[DATA FOR REVIEW]
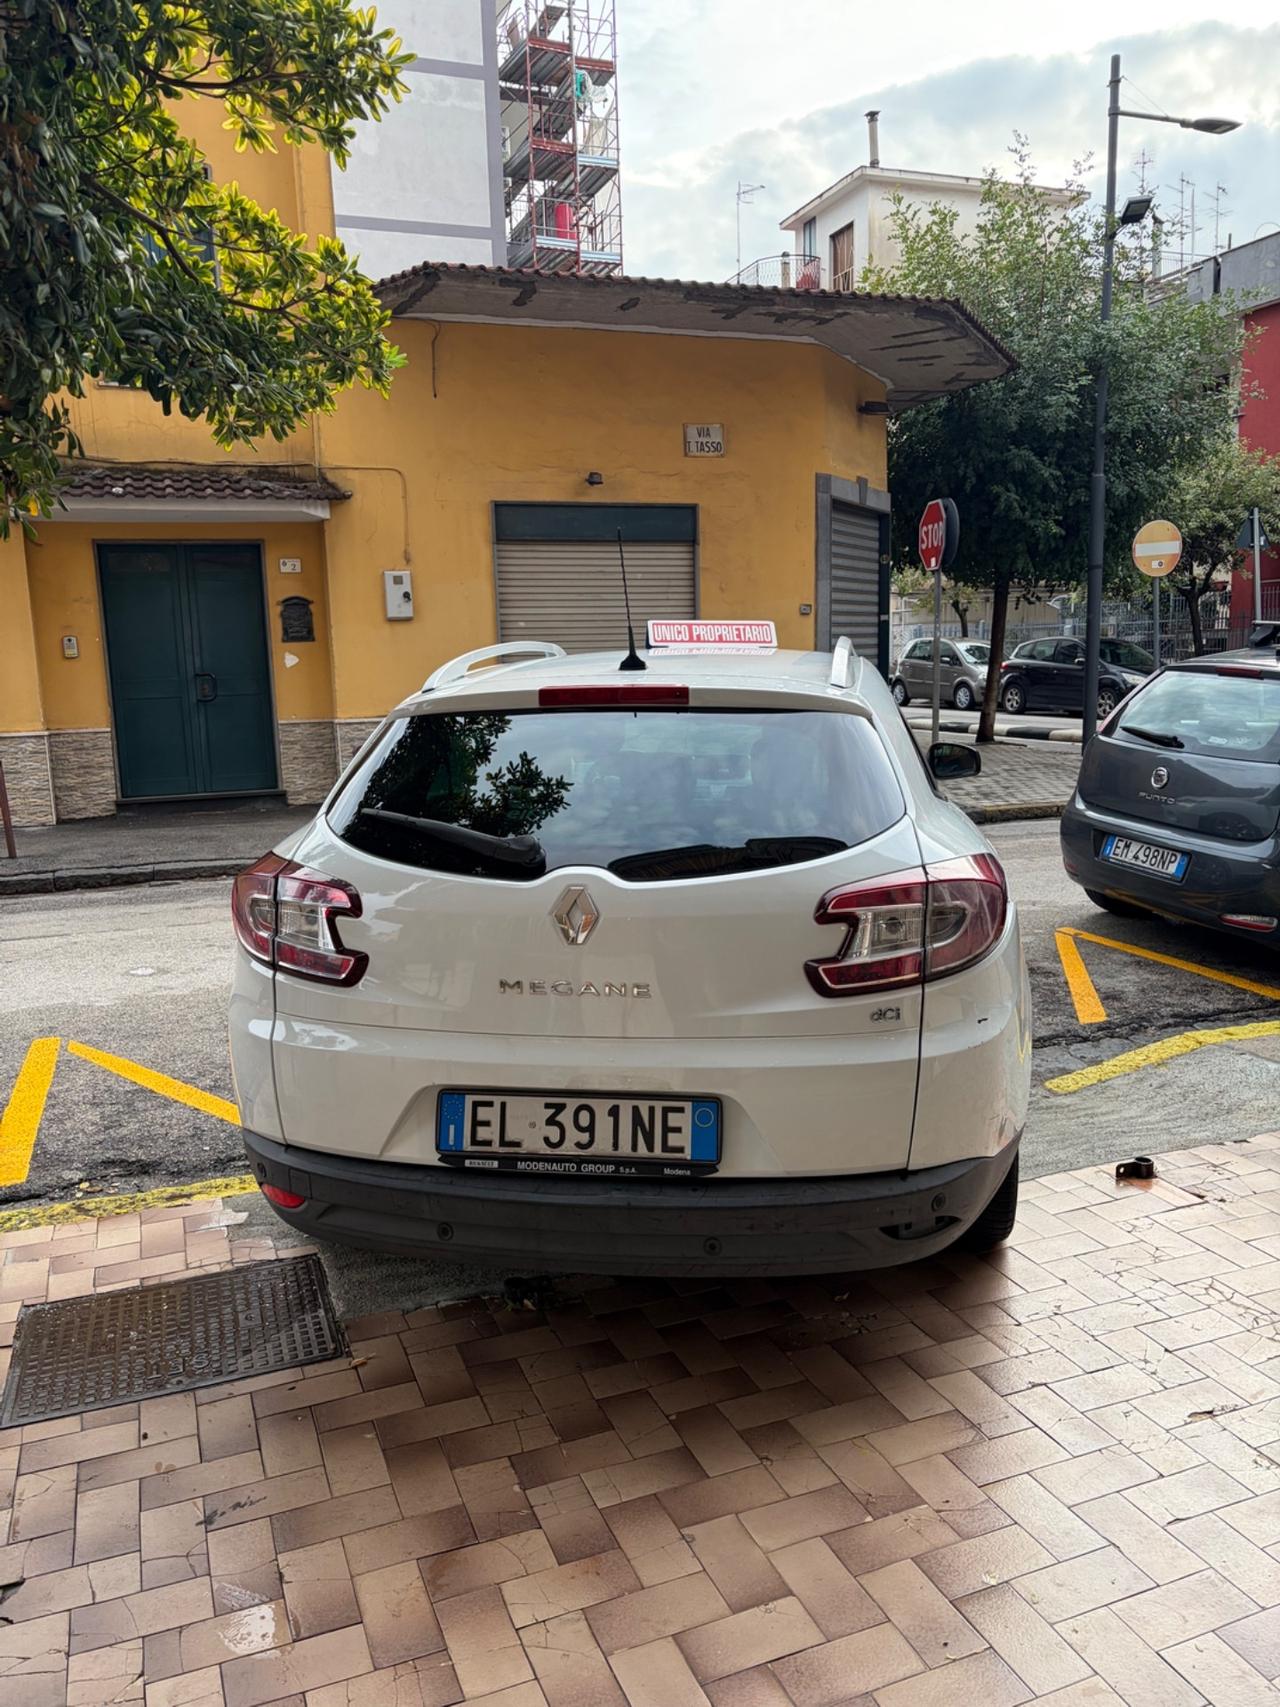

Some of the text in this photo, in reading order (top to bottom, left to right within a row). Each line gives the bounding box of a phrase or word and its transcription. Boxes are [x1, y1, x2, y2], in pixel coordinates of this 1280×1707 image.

[696, 426, 711, 438] VIA
[687, 441, 722, 453] T. TASSO
[921, 520, 944, 550] STOP
[653, 624, 771, 643] UNICO PROPRIETARIO
[1139, 791, 1175, 805] PUNTO
[1112, 839, 1132, 859] EM
[1132, 844, 1178, 871] 498NP
[499, 979, 652, 998] MEGANE
[470, 1100, 522, 1148] EL
[543, 1102, 686, 1153] 391NE
[517, 1161, 577, 1172] MODENAUTO
[581, 1163, 616, 1173] GROUP
[663, 1167, 691, 1176] Modena
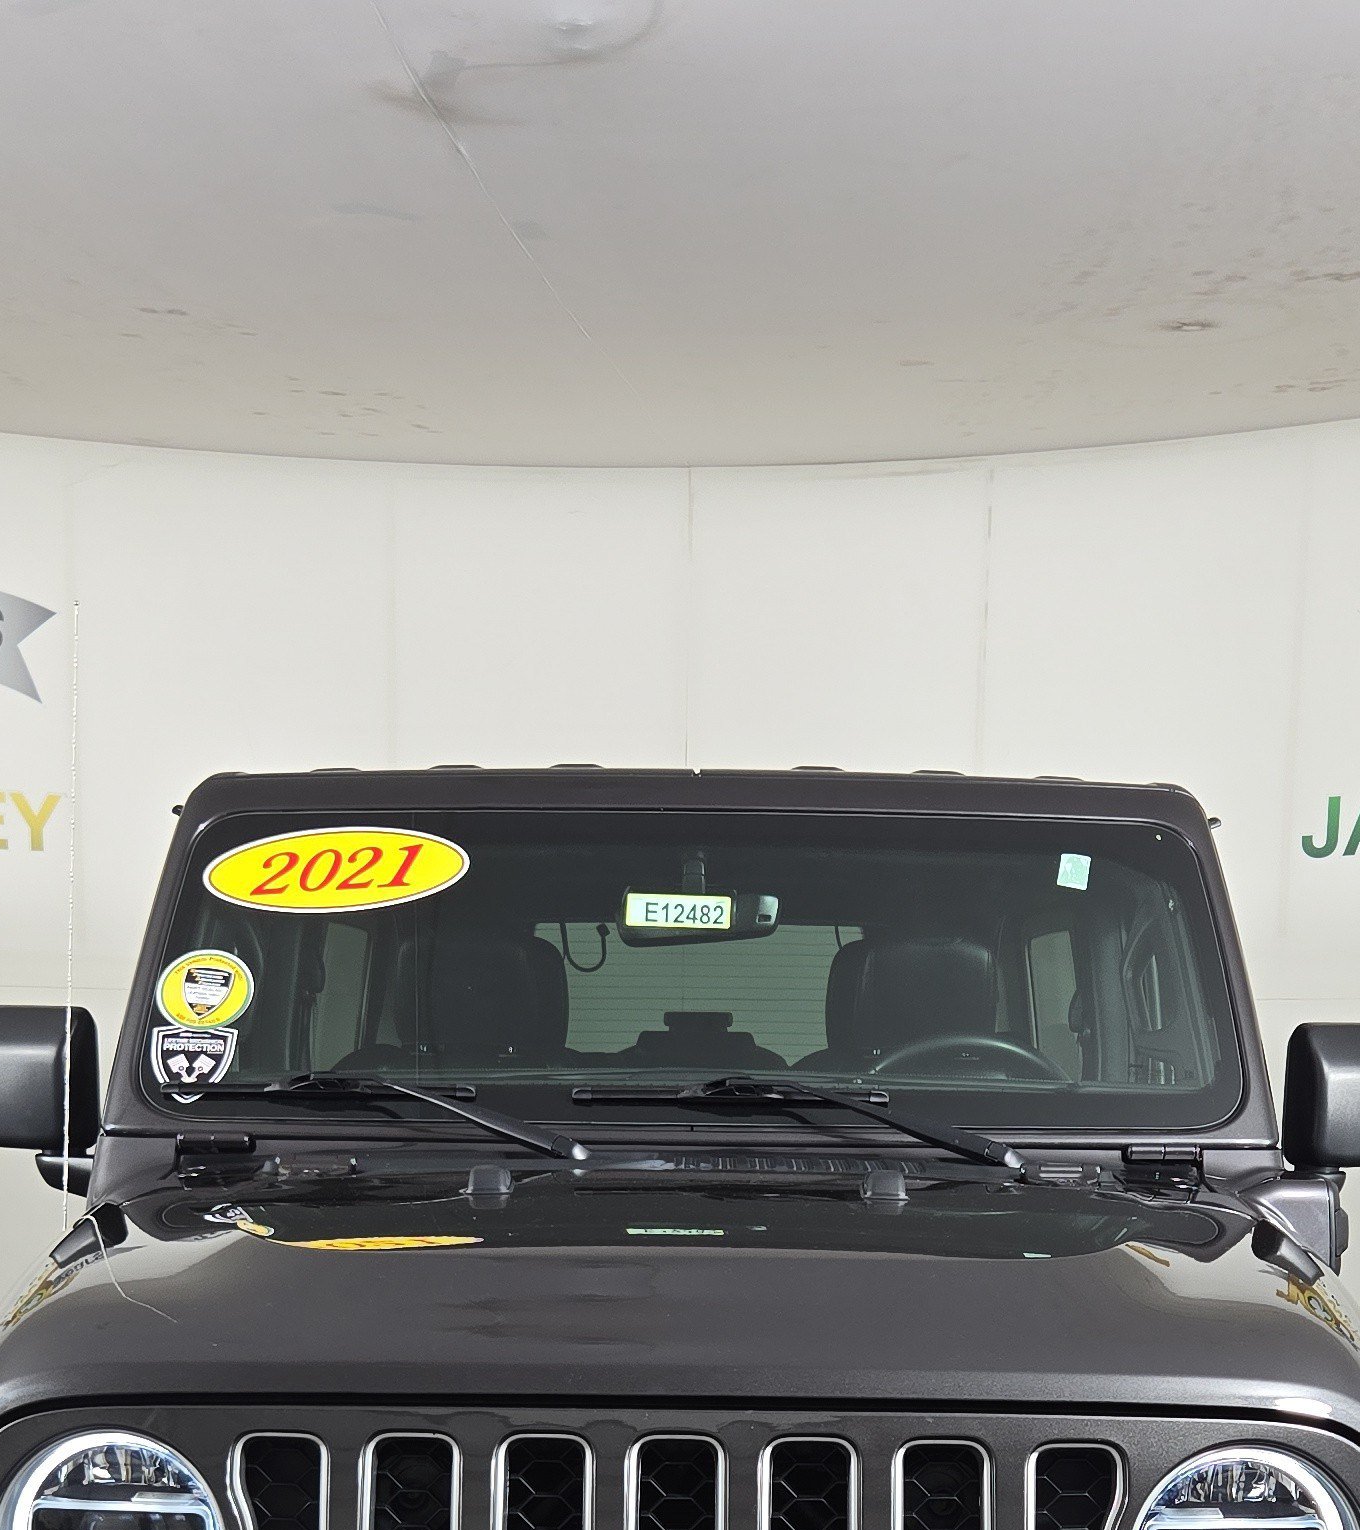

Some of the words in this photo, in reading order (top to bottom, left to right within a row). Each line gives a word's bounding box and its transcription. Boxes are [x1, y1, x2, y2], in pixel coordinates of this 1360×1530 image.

[249, 843, 424, 896] 2021
[644, 901, 725, 925] E12482
[162, 1042, 225, 1052] PROTECTION
[/DATA FOR REVIEW]
» THE PROBLEM
Restate every line above word for word. Do not carry over the images.

» ANSWER SPACE
Some of the text in this photo, in reading order (top to bottom, left to right within a row). Each line gives the bounding box of a phrase or word and its transcription. Boxes are [x1, y1, x2, y2], in pixel coordinates of this 1280×1707 image.

[696, 426, 711, 438] VIA
[687, 441, 722, 453] T. TASSO
[921, 520, 944, 550] STOP
[653, 624, 771, 643] UNICO PROPRIETARIO
[1139, 791, 1175, 805] PUNTO
[1112, 839, 1132, 859] EM
[1132, 844, 1178, 871] 498NP
[499, 979, 652, 998] MEGANE
[470, 1100, 522, 1148] EL
[543, 1102, 686, 1153] 391NE
[517, 1161, 577, 1172] MODENAUTO
[581, 1163, 616, 1173] GROUP
[663, 1167, 691, 1176] Modena

Some of the words in this photo, in reading order (top to bottom, left to right within a row). Each line gives a word's bounding box and its transcription. Boxes are [x1, y1, x2, y2], in pixel coordinates of this 1360×1530 image.

[249, 843, 424, 896] 2021
[644, 901, 725, 925] E12482
[162, 1042, 225, 1052] PROTECTION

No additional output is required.